Óleo sobre tela;. 67x145cm. Col priv.



Do longo périplo de Ulisses narrado por Homero vem mais esta história.


Certa vez, nas profundas horas da noite, Nausícaa, a princesa da ilha de Esqueria, habitada pelos Feaces, sonha que a deusa Atena lhe pede para ir ao rio lavar roupa (sim, há princesas, homéricas e não-homéricas, que lavam roupa!). Com um pressentimento feliz, assim que a "dedirrósea" Aurora surge na abóbada celeste, ela se levanta e pede ao pai, Alcínoo, um carro de mulas com que pudesse se deslocar até o rio. Estava em idade de se casar, mas não havia homem naquela ilha que lhe apetecesse. Evidentemente ela alentava a esperança de que ali aportasse alguém de fora, um estrangeiro de sangue novo que pudesse desposar.
E é movida pela expectativa de que algo iria acontecer que a doce Nausícaa vai fazer o que lhe sugerira a deusa. Circunda-se de criadas e segue para a orla do rio. Ali, enquanto as moças estão cumprindo a bem pouco nobre tarefa, eis que surge um homem, nu e com o "corpo empastado de sal". Assustadas, todas fogem, menos a princesa.
É Ulisses, náufrago, que lhe pede auxílio. Ulisses, cuja juventude há muito o tinha deixado, talvez lá mesmo onde deixara também a esposa, Penélope, e o filho...
Nausícaa, destemida, recebe o estrangeiro, cobre-o com as roupas (masculinas!) que estava a lavar e o leva até o pai.
Logo já se diz enamorada. Já anuncia a intenção de dividir com ele a sua vida.
O pai concorda, ficaria feliz em ter o estrangeiro como genro.
Mas Ulisses, aventureiro apenas quase sem querer, já estava exausto de tantas peripécias amorosas complicadas, de uma sucessão de ninfas e sereias, de perigos e tentações, e só queria voltar pra casa...
Recebido o auxílio de Alcínoo, Ulisses retoma então o seu caminho, deixando Nausícaa em profunda dor, engrossando a fila das abandonadas pelo herói e a das abandonadas da literatura antiga.

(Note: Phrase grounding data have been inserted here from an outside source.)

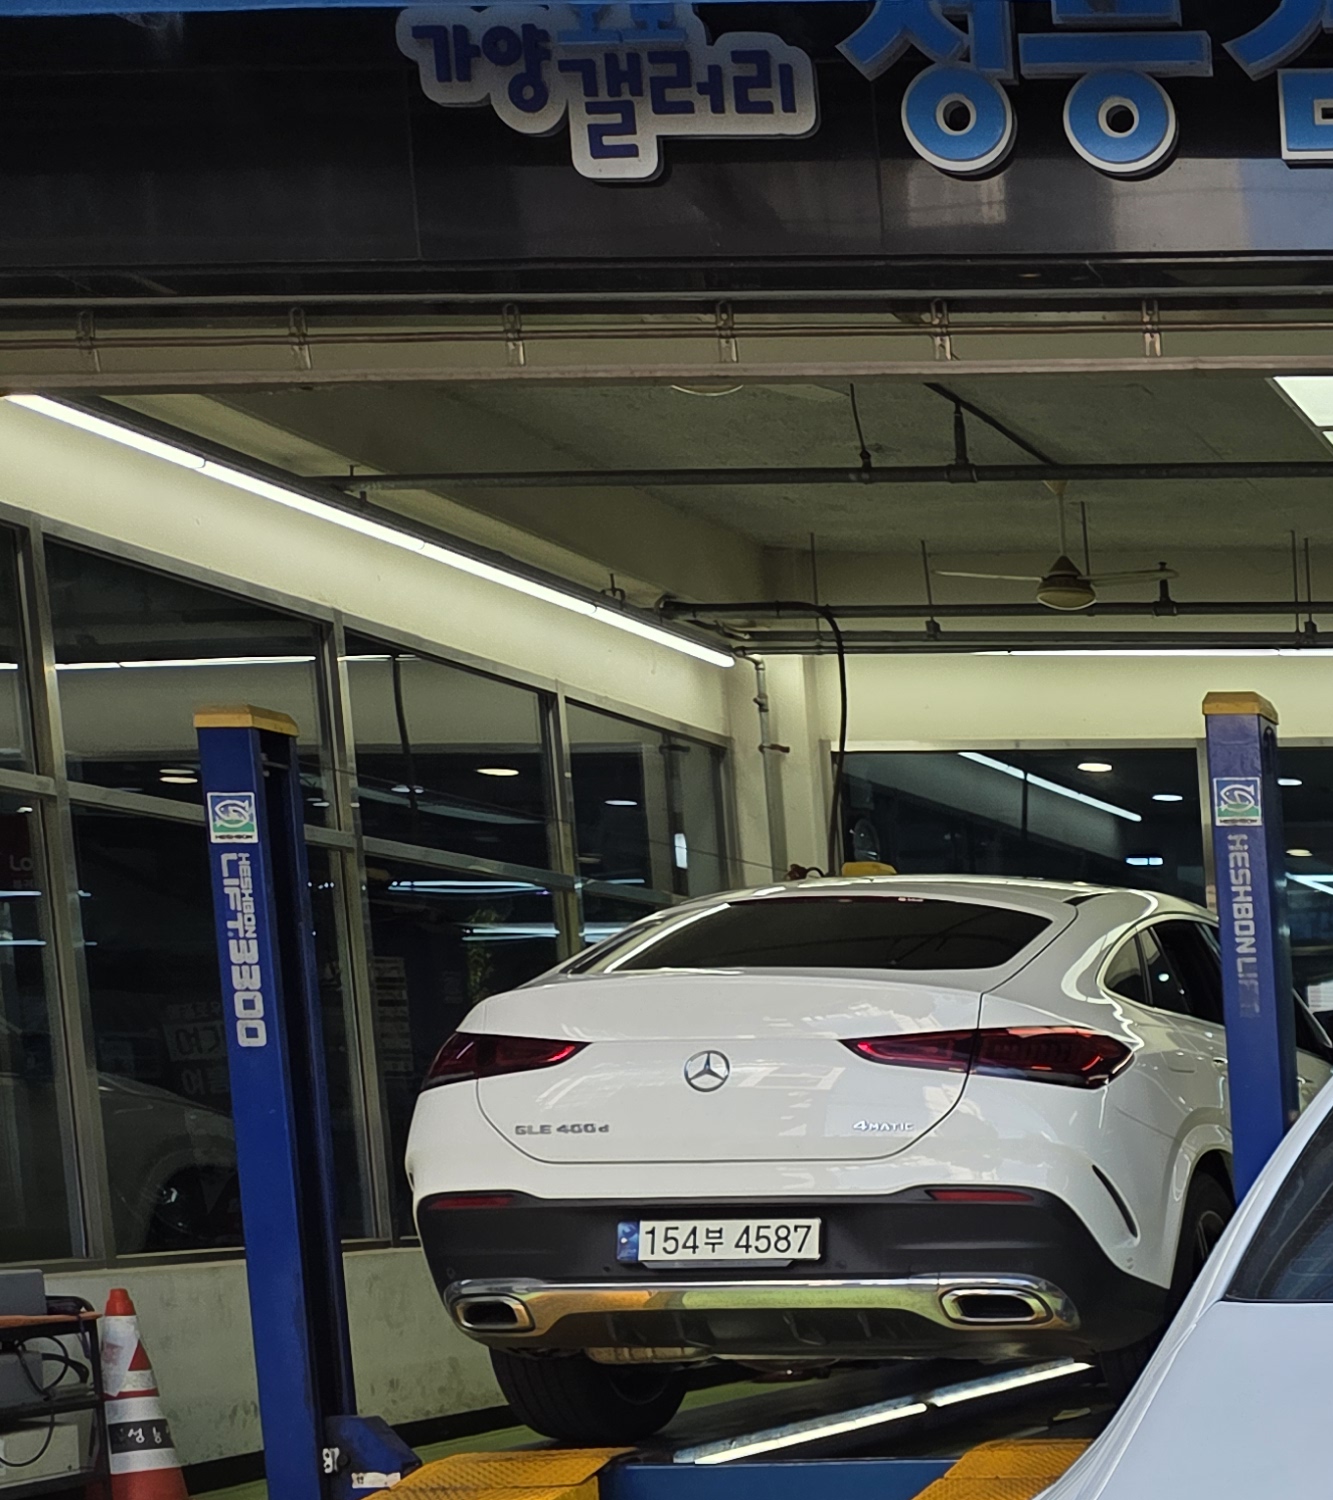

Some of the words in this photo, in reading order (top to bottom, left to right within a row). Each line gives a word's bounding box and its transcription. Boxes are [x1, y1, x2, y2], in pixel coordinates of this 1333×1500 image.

[557, 48, 798, 159] 갤러리
[237, 852, 257, 938] HESHBON
[1227, 833, 1257, 954] HESHBON
[515, 1124, 552, 1136] GLE
[852, 1119, 915, 1133] 4MATIC
[644, 1225, 725, 1255] 154부
[734, 1224, 812, 1254] 4587
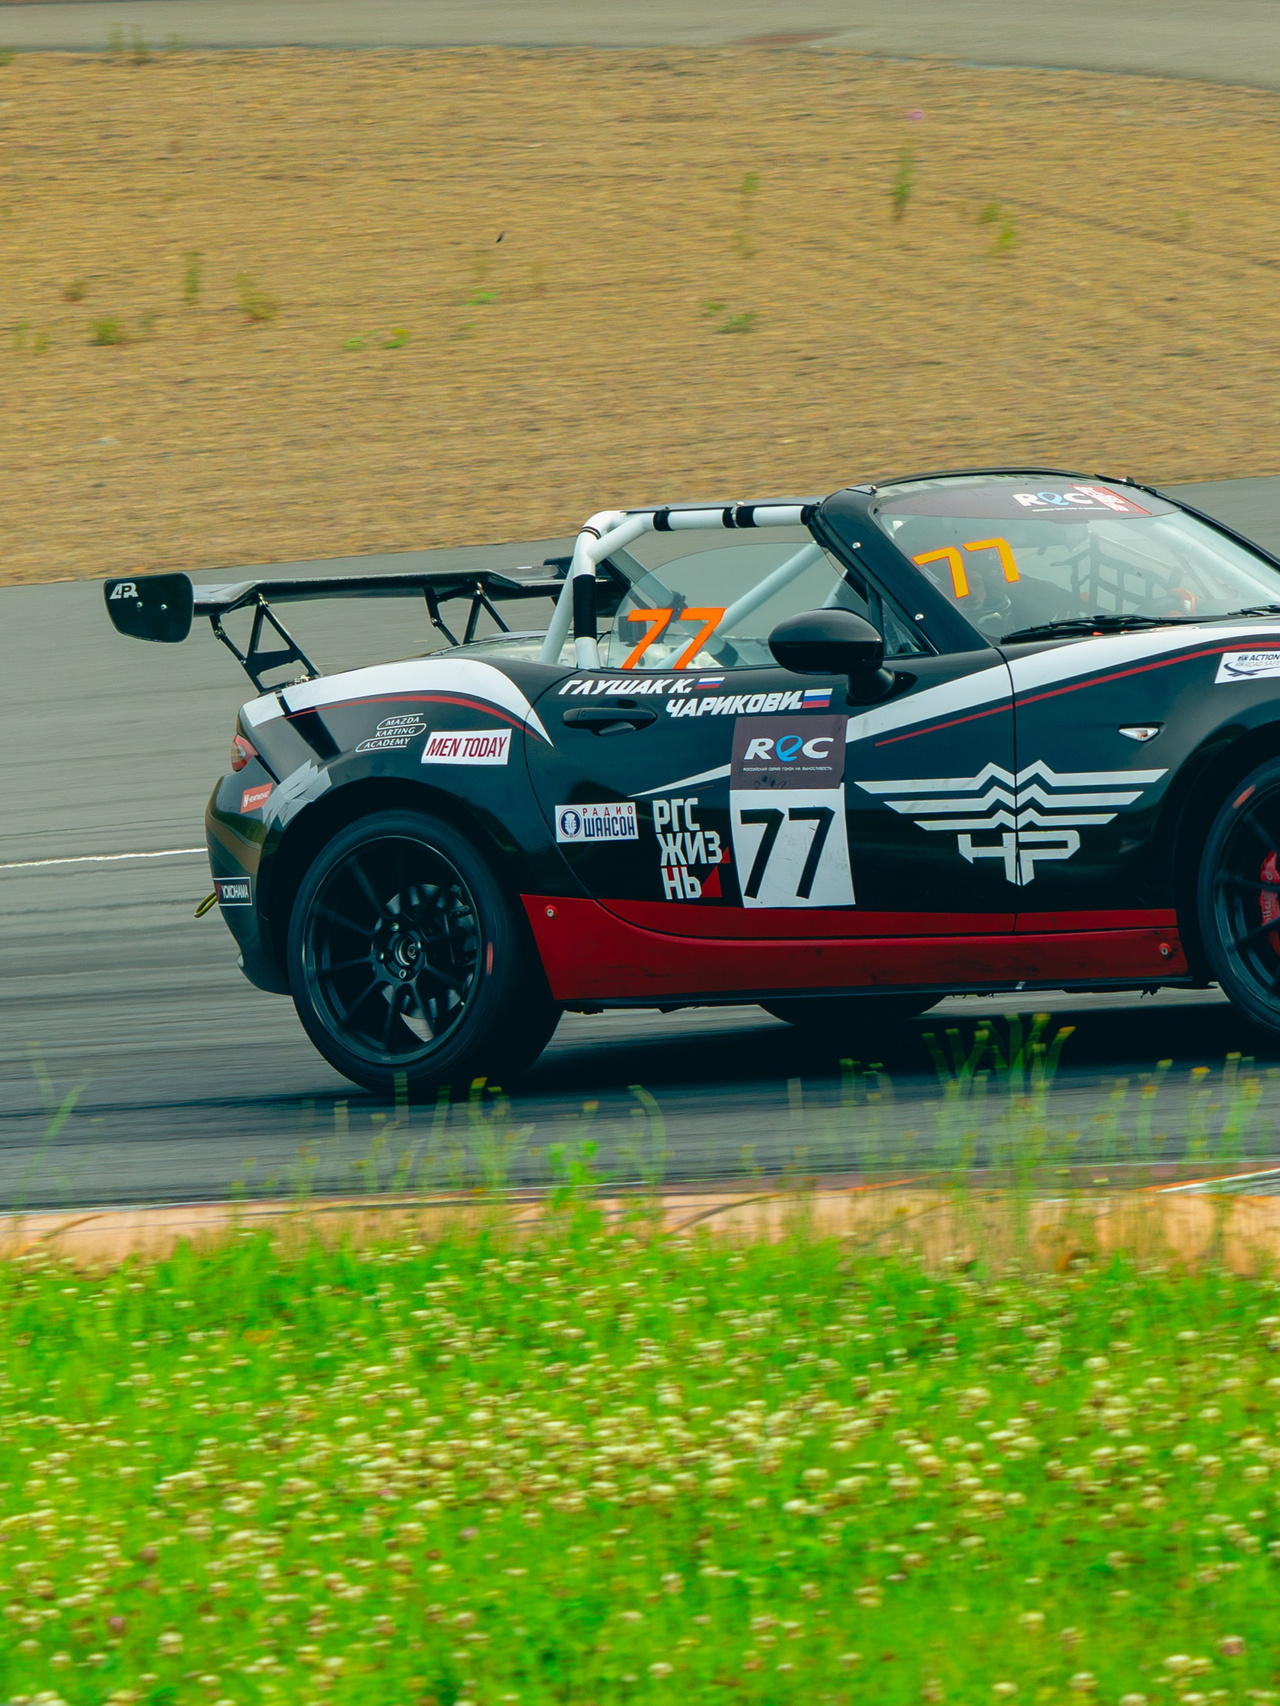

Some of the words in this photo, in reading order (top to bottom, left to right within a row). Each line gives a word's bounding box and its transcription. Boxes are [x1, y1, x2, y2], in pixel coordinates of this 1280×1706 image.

[911, 537, 1020, 599] 77
[621, 607, 726, 670] 77
[1249, 653, 1280, 661] ACTION
[558, 679, 672, 696] ГЛУШАК
[375, 727, 416, 738] KARTING
[385, 716, 420, 727] MAZDA
[364, 737, 411, 749] ACADEMY
[426, 738, 461, 757] MEN
[462, 736, 508, 758] TODAY
[582, 805, 633, 817] РАДИО
[652, 798, 700, 832] РГС
[583, 816, 636, 838] ШАНСОН
[656, 831, 723, 866] ЖИЗ
[740, 806, 836, 899] 77
[661, 866, 702, 900] НЬ

A pintura do inglês Frederic Leighton (1830-1896) consegue nos transmitir eloquentemente a dor de Nausícaa pelo abandono, pela perda de suas ilusões. Parada numa soleira, apoiada numa pilastra, sem forças, olhando para lugar nenhum, presta atenção somente ao insuportável estardalhaço dos cacos que se batem e caem dentro de si.

E a vida continua lá fora.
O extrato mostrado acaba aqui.